--- Exercise prompt ---
Exactness is required throughout. Return every record once more.

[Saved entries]

# # # # #

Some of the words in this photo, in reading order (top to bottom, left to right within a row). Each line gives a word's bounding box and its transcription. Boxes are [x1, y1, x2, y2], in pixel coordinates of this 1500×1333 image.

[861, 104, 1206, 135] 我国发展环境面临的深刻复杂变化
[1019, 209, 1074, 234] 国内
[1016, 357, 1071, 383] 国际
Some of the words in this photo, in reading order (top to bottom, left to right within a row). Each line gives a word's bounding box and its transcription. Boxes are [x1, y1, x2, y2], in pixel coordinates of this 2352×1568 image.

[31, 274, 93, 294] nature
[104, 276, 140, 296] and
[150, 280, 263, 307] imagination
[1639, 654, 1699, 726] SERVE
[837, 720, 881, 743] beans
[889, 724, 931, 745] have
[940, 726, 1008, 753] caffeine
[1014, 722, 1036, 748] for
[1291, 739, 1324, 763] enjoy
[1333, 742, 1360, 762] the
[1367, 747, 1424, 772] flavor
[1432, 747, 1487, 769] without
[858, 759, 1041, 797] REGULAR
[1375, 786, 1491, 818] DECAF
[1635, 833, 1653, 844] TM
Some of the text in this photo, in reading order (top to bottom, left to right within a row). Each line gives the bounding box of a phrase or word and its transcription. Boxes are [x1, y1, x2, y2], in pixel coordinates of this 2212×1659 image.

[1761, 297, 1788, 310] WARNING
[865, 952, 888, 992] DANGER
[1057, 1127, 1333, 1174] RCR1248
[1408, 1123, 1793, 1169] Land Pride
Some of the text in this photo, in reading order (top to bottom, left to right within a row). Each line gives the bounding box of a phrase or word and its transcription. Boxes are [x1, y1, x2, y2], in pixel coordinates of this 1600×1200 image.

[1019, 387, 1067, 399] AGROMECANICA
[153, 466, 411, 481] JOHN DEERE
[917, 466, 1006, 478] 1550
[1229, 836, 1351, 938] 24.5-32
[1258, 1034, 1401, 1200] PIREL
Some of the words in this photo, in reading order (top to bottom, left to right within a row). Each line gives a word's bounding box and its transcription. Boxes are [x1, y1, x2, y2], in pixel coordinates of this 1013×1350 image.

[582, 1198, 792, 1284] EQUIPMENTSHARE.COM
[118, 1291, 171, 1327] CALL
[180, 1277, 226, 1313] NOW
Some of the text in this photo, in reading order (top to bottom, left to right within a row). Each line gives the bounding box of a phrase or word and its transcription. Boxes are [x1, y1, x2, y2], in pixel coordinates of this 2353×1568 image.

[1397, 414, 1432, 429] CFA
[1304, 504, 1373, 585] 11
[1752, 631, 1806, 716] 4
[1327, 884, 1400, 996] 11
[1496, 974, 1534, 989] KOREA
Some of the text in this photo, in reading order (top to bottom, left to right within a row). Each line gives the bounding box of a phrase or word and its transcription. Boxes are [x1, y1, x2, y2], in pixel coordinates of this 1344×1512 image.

# # # # #

--- Answer space ---
Some of the words in this photo, in reading order (top to bottom, left to right within a row). Each line gives a word's bounding box and its transcription. Boxes are [x1, y1, x2, y2], in pixel coordinates of this 1500×1333 image.

[861, 104, 1206, 135] 我国发展环境面临的深刻复杂变化
[1019, 209, 1074, 234] 国内
[1016, 357, 1071, 383] 国际
Some of the words in this photo, in reading order (top to bottom, left to right within a row). Each line gives a word's bounding box and its transcription. Boxes are [x1, y1, x2, y2], in pixel coordinates of this 2352×1568 image.

[31, 274, 93, 294] nature
[104, 276, 140, 296] and
[150, 280, 263, 307] imagination
[1639, 654, 1699, 726] SERVE
[837, 720, 881, 743] beans
[889, 724, 931, 745] have
[940, 726, 1008, 753] caffeine
[1014, 722, 1036, 748] for
[1291, 739, 1324, 763] enjoy
[1333, 742, 1360, 762] the
[1367, 747, 1424, 772] flavor
[1432, 747, 1487, 769] without
[858, 759, 1041, 797] REGULAR
[1375, 786, 1491, 818] DECAF
[1635, 833, 1653, 844] TM
Some of the text in this photo, in reading order (top to bottom, left to right within a row). Each line gives the bounding box of a phrase or word and its transcription. Boxes are [x1, y1, x2, y2], in pixel coordinates of this 2212×1659 image.

[1761, 297, 1788, 310] WARNING
[865, 952, 888, 992] DANGER
[1057, 1127, 1333, 1174] RCR1248
[1408, 1123, 1793, 1169] Land Pride
Some of the text in this photo, in reading order (top to bottom, left to right within a row). Each line gives the bounding box of a phrase or word and its transcription. Boxes are [x1, y1, x2, y2], in pixel coordinates of this 1600×1200 image.

[1019, 387, 1067, 399] AGROMECANICA
[153, 466, 411, 481] JOHN DEERE
[917, 466, 1006, 478] 1550
[1229, 836, 1351, 938] 24.5-32
[1258, 1034, 1401, 1200] PIREL
Some of the words in this photo, in reading order (top to bottom, left to right within a row). Each line gives a word's bounding box and its transcription. Boxes are [x1, y1, x2, y2], in pixel coordinates of this 1013×1350 image.

[582, 1198, 792, 1284] EQUIPMENTSHARE.COM
[118, 1291, 171, 1327] CALL
[180, 1277, 226, 1313] NOW
Some of the text in this photo, in reading order (top to bottom, left to right within a row). Each line gives the bounding box of a phrase or word and its transcription. Boxes are [x1, y1, x2, y2], in pixel coordinates of this 2353×1568 image.

[1397, 414, 1432, 429] CFA
[1304, 504, 1373, 585] 11
[1752, 631, 1806, 716] 4
[1327, 884, 1400, 996] 11
[1496, 974, 1534, 989] KOREA
Some of the text in this photo, in reading order (top to bottom, left to right within a row). Each line gives the bounding box of a phrase or word and its transcription. Boxes are [x1, y1, x2, y2], in pixel coordinates of this 1344×1512 image.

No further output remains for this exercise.